**Required action**
Set down every record below exactly as written, but leave out the pictures.

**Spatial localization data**
----

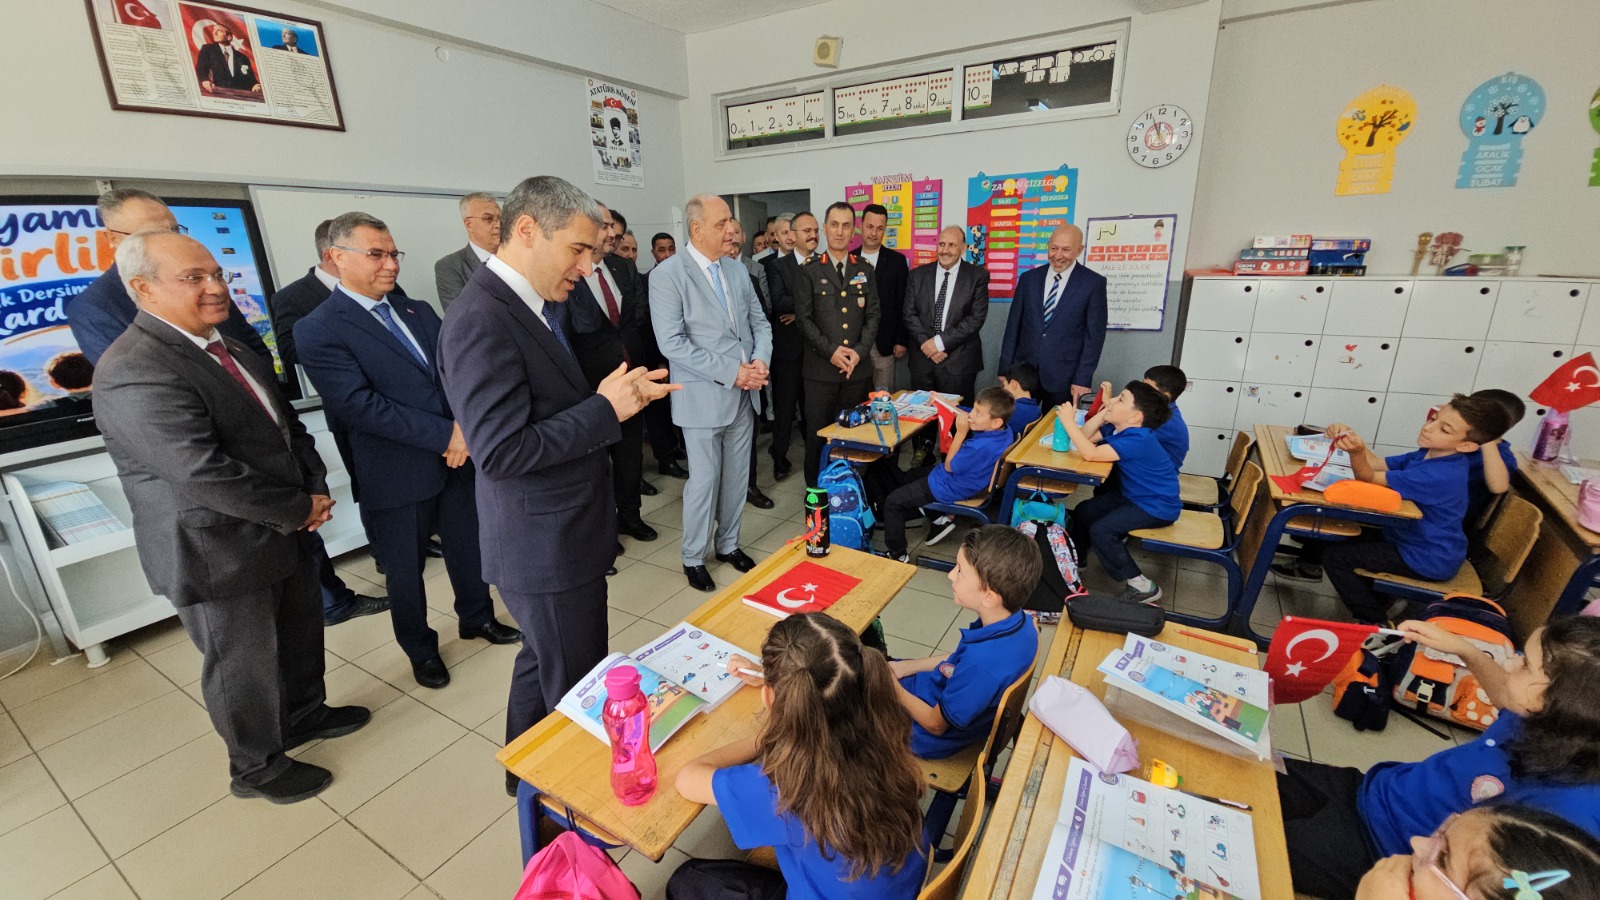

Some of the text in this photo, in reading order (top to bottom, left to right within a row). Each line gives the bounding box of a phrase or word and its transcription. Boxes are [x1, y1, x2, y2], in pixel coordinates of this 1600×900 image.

[967, 86, 980, 101] 10
[905, 96, 912, 110] 8
[929, 93, 937, 106] 9
[859, 103, 866, 116] 6
[882, 100, 889, 113] 7
[1158, 107, 1167, 115] 12
[806, 112, 813, 123] 4
[838, 106, 845, 119] 5
[1145, 112, 1152, 120] 11
[750, 120, 754, 131] 1
[769, 117, 775, 130] 2
[787, 114, 793, 126] 3
[1180, 118, 1187, 126] 2
[730, 123, 737, 134] 0
[1132, 146, 1139, 154] 8
[1475, 151, 1511, 159] ARALIK
[1475, 165, 1504, 173] OCAK
[1471, 179, 1503, 187] ŞUBAT
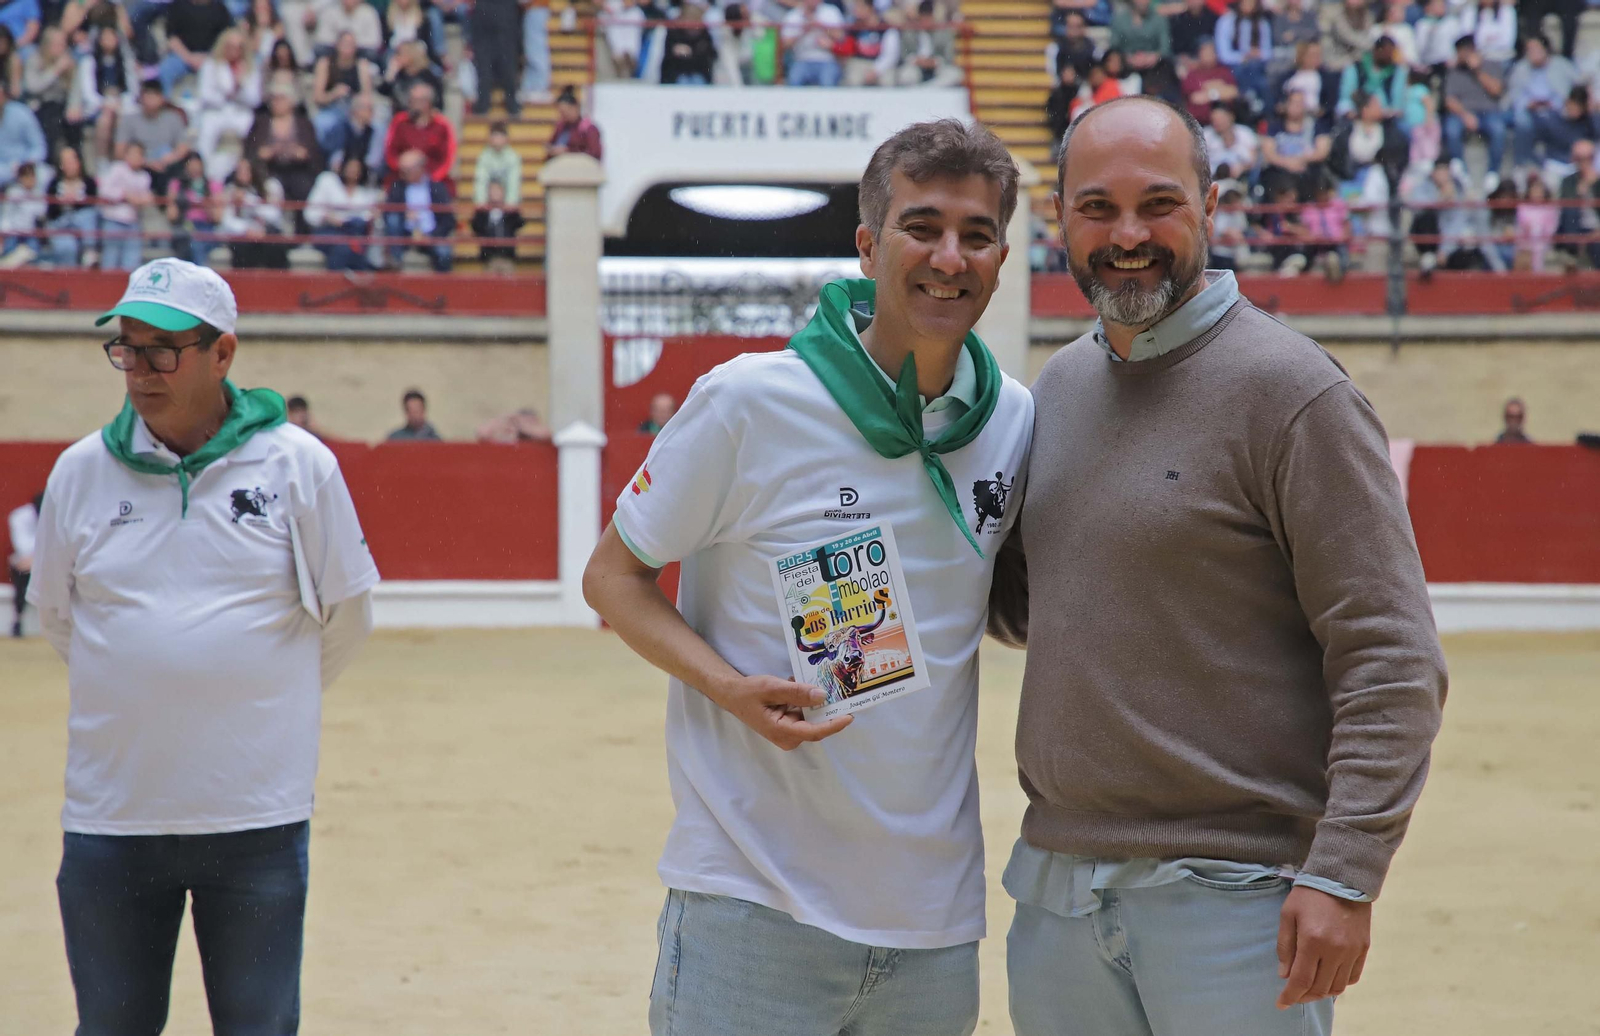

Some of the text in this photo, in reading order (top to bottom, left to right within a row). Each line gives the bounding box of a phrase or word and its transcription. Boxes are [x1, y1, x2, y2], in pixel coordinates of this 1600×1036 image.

[673, 111, 872, 140] PUERTA GRANDE
[844, 537, 853, 545] 20
[853, 534, 862, 542] de
[862, 529, 877, 539] Abril
[779, 551, 813, 569] 2025
[815, 540, 886, 582] toro
[783, 564, 820, 582] Fiesta
[796, 574, 816, 589] del
[803, 606, 831, 619] Villa de
[824, 708, 839, 717] 2007
[871, 692, 881, 702] Gil
[881, 686, 906, 698] Montero
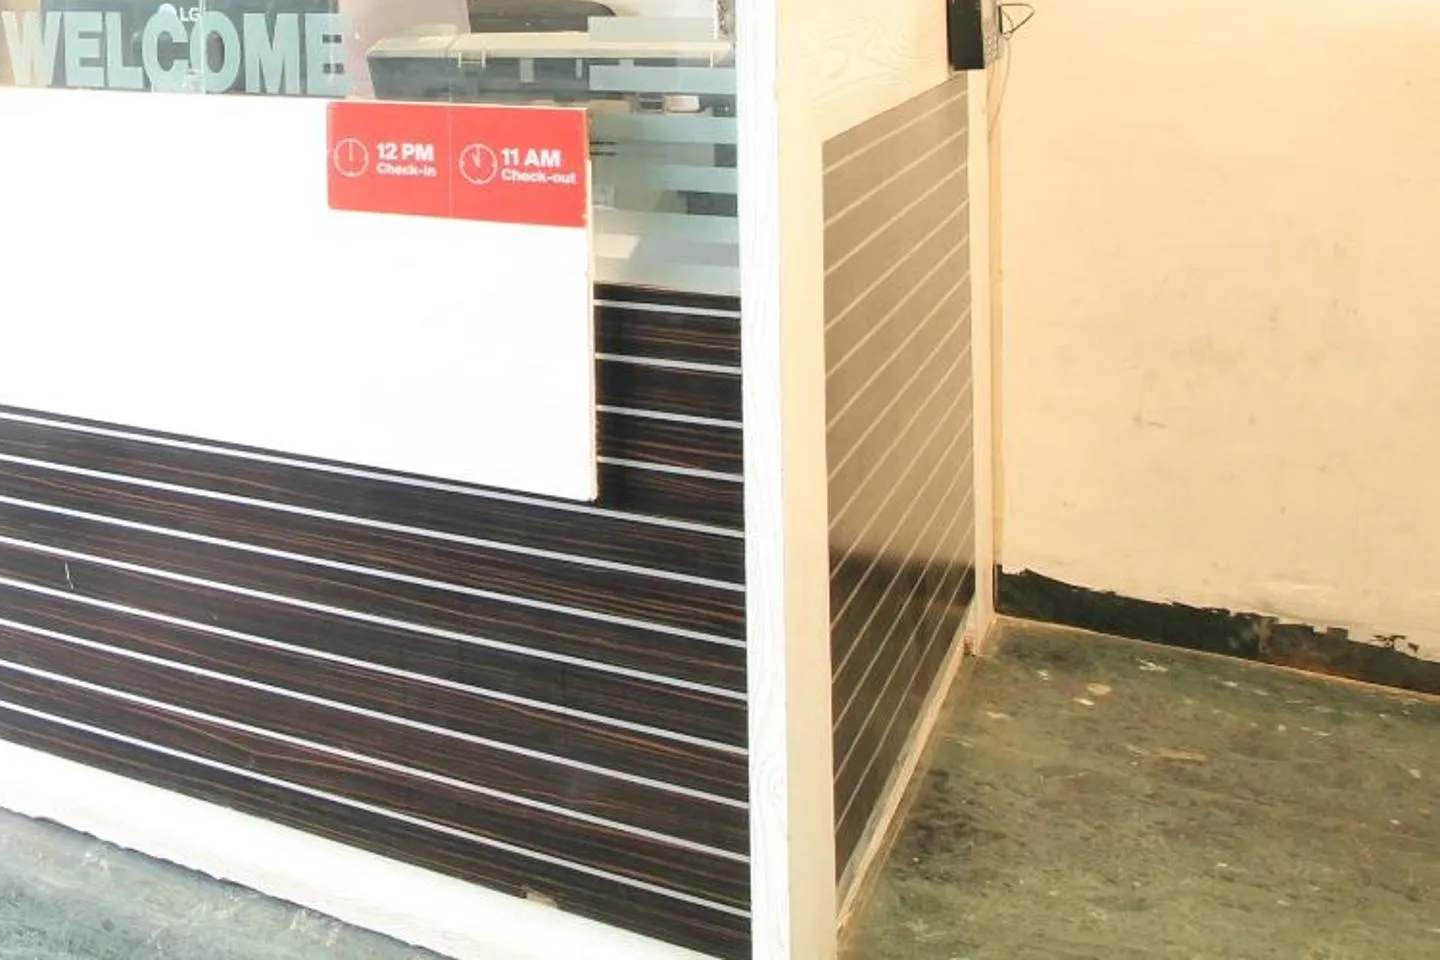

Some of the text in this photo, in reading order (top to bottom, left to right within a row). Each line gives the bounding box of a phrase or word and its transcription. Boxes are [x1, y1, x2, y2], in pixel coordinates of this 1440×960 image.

[179, 6, 201, 22] LG
[2, 9, 348, 96] WELCOME
[376, 142, 435, 162] 12 PM
[501, 147, 561, 168] 11 AM
[376, 162, 437, 177] Check-in
[501, 169, 576, 185] Check-out
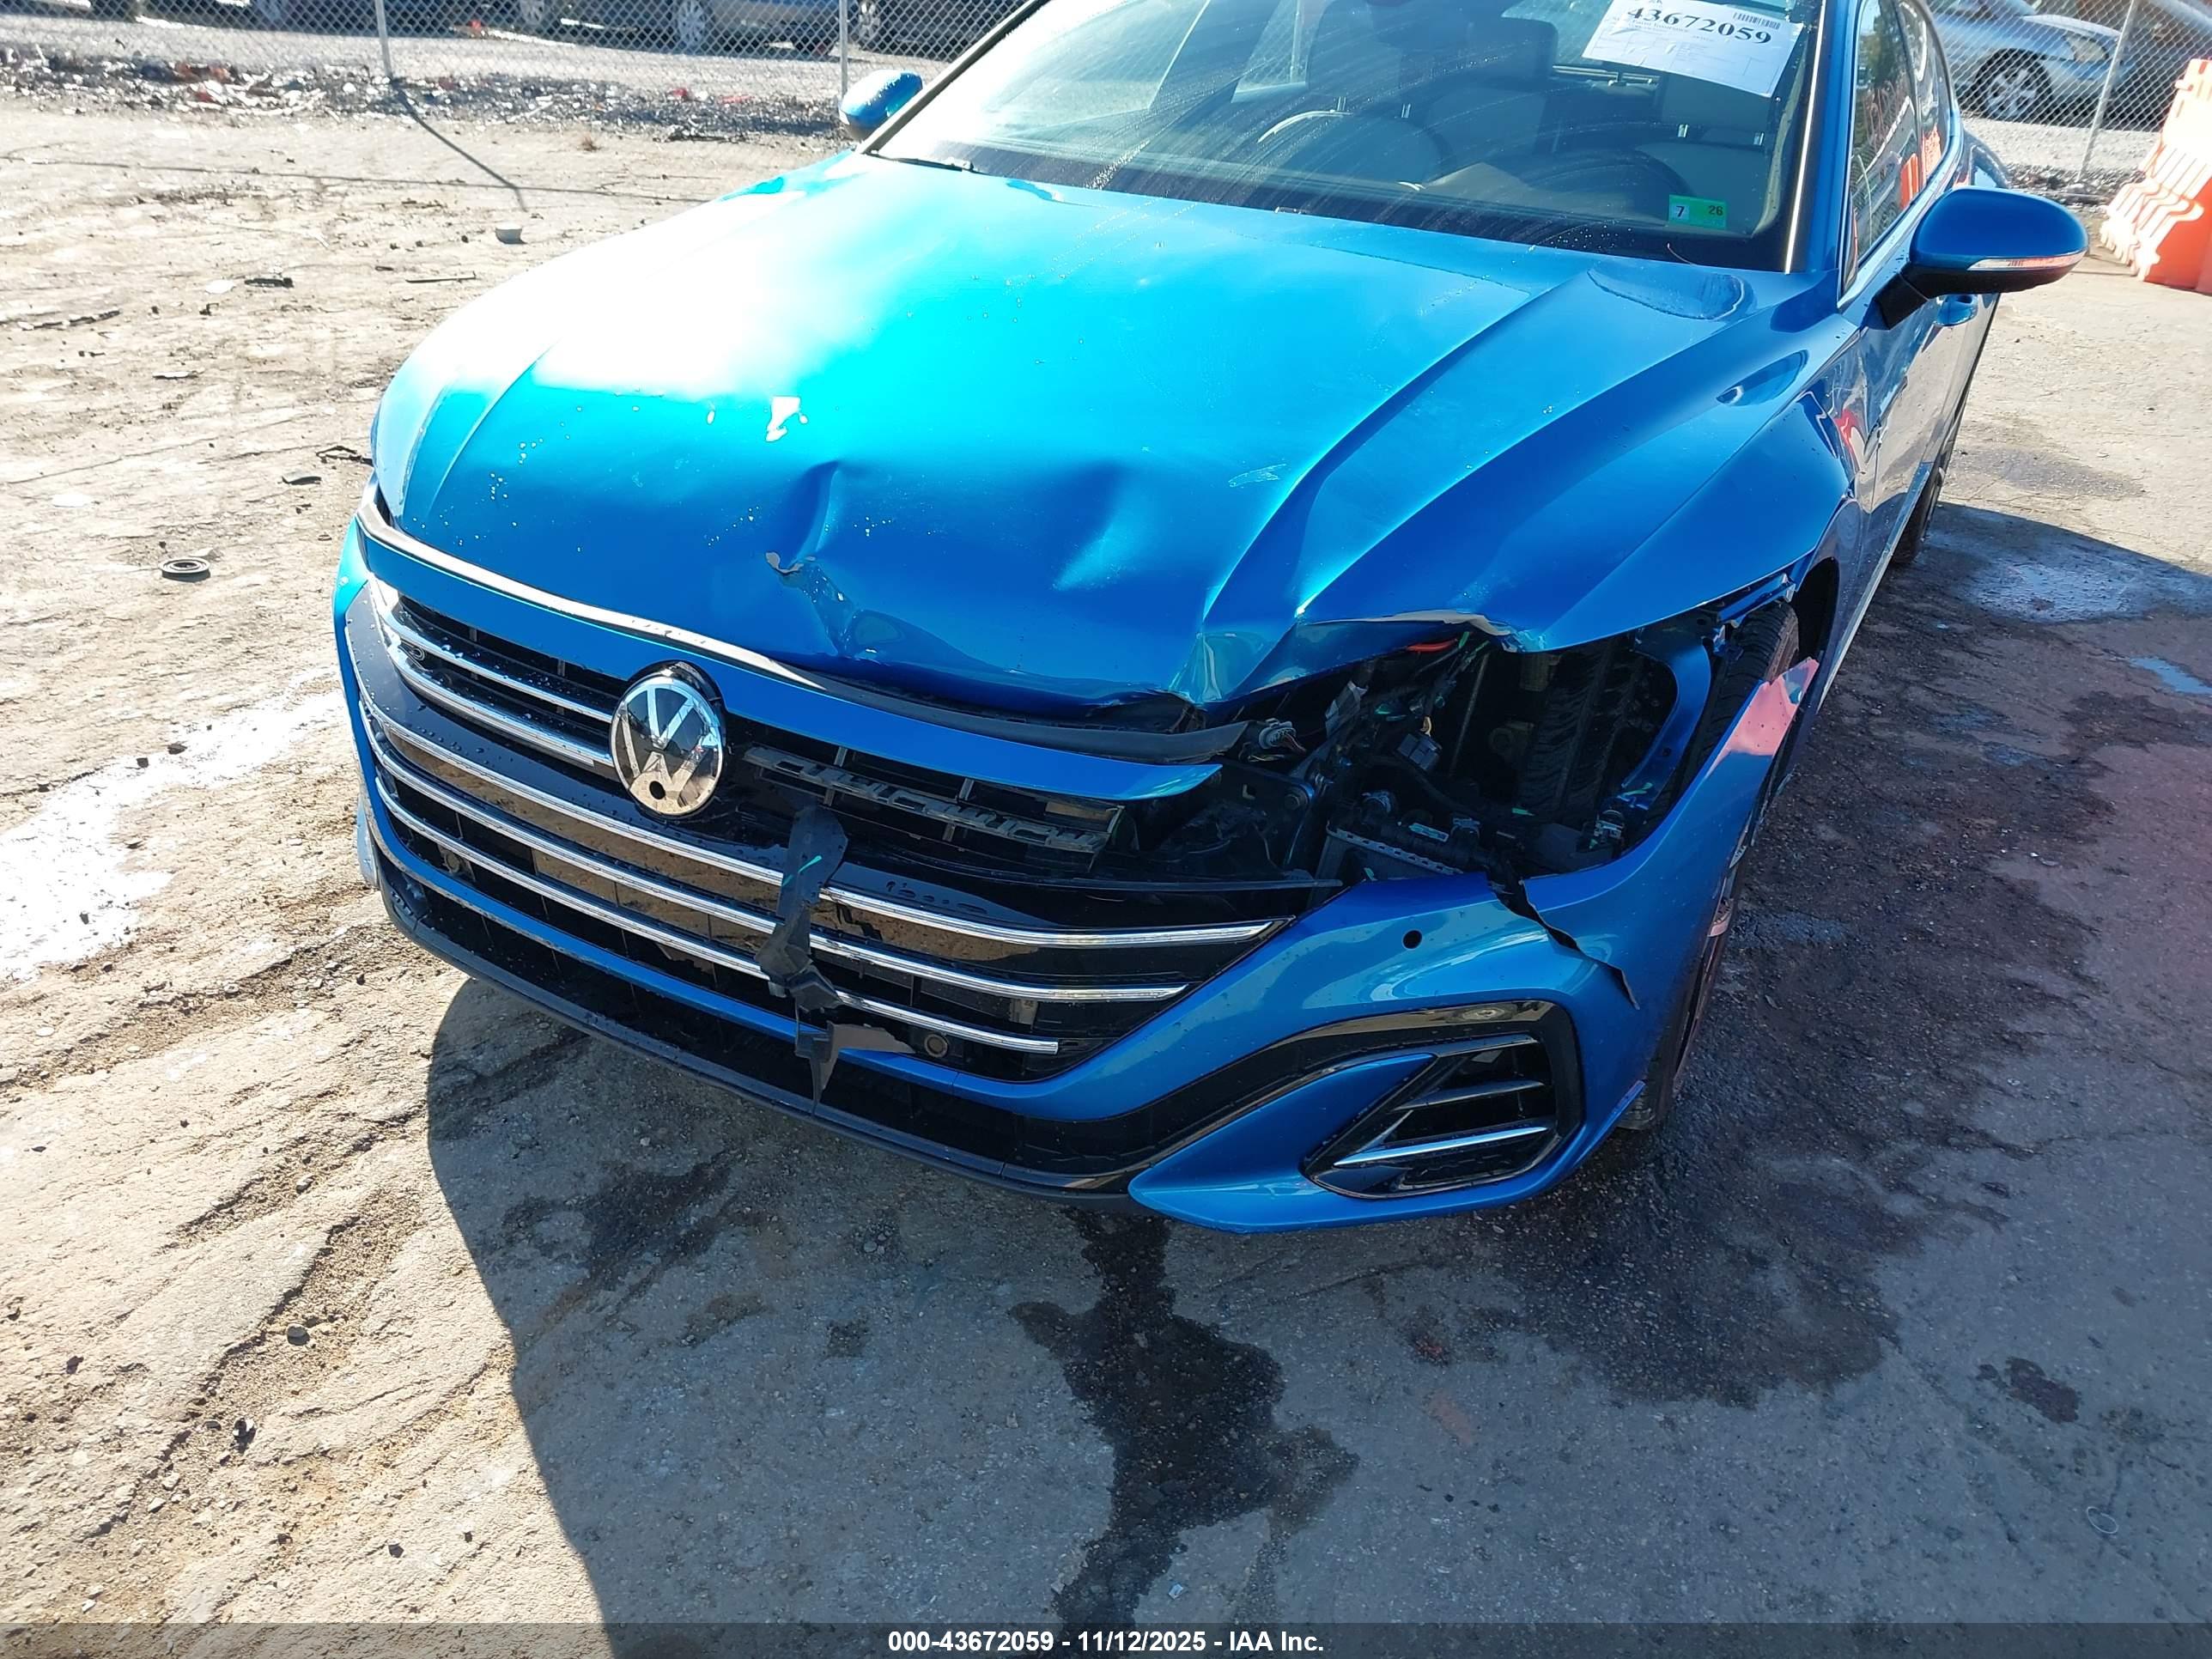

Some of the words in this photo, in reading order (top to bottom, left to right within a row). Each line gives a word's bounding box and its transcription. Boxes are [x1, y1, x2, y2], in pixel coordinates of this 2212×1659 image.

----

**Answer to this task**
Some of the text in this photo, in reading order (top to bottom, left to right within a row). Each line gives the bounding box of a phrase or word and its transcription. Boxes are [x1, y1, x2, y2], in pixel coordinates of this 1600×900 image.

[967, 86, 980, 101] 10
[905, 96, 912, 110] 8
[929, 93, 937, 106] 9
[859, 103, 866, 116] 6
[882, 100, 889, 113] 7
[1158, 107, 1167, 115] 12
[806, 112, 813, 123] 4
[838, 106, 845, 119] 5
[1145, 112, 1152, 120] 11
[750, 120, 754, 131] 1
[769, 117, 775, 130] 2
[787, 114, 793, 126] 3
[1180, 118, 1187, 126] 2
[730, 123, 737, 134] 0
[1132, 146, 1139, 154] 8
[1475, 151, 1511, 159] ARALIK
[1475, 165, 1504, 173] OCAK
[1471, 179, 1503, 187] ŞUBAT

Some of the text in this photo, in reading order (top to bottom, left to right within a row). Each line gives the bounding box of a phrase or word and its transcription. Boxes are [x1, y1, x2, y2], in pixel coordinates of this 1600×1036 image.

[673, 111, 872, 140] PUERTA GRANDE
[844, 537, 853, 545] 20
[853, 534, 862, 542] de
[862, 529, 877, 539] Abril
[779, 551, 813, 569] 2025
[815, 540, 886, 582] toro
[783, 564, 820, 582] Fiesta
[796, 574, 816, 589] del
[803, 606, 831, 619] Villa de
[824, 708, 839, 717] 2007
[871, 692, 881, 702] Gil
[881, 686, 906, 698] Montero

Some of the text in this photo, in reading order (top to bottom, left to right within a row). Each line gives the bounding box of a phrase or word and its transcription. Boxes are [x1, y1, x2, y2], in pixel coordinates of this 1440×960 image.

[179, 6, 201, 22] LG
[2, 9, 348, 96] WELCOME
[376, 142, 435, 162] 12 PM
[501, 147, 561, 168] 11 AM
[376, 162, 437, 177] Check-in
[501, 169, 576, 185] Check-out

Some of the words in this photo, in reading order (top to bottom, left to right within a row). Each line gives a word's bounding box and its transcription. Boxes are [x1, y1, x2, y2], in pixel coordinates of this 2212×1659 image.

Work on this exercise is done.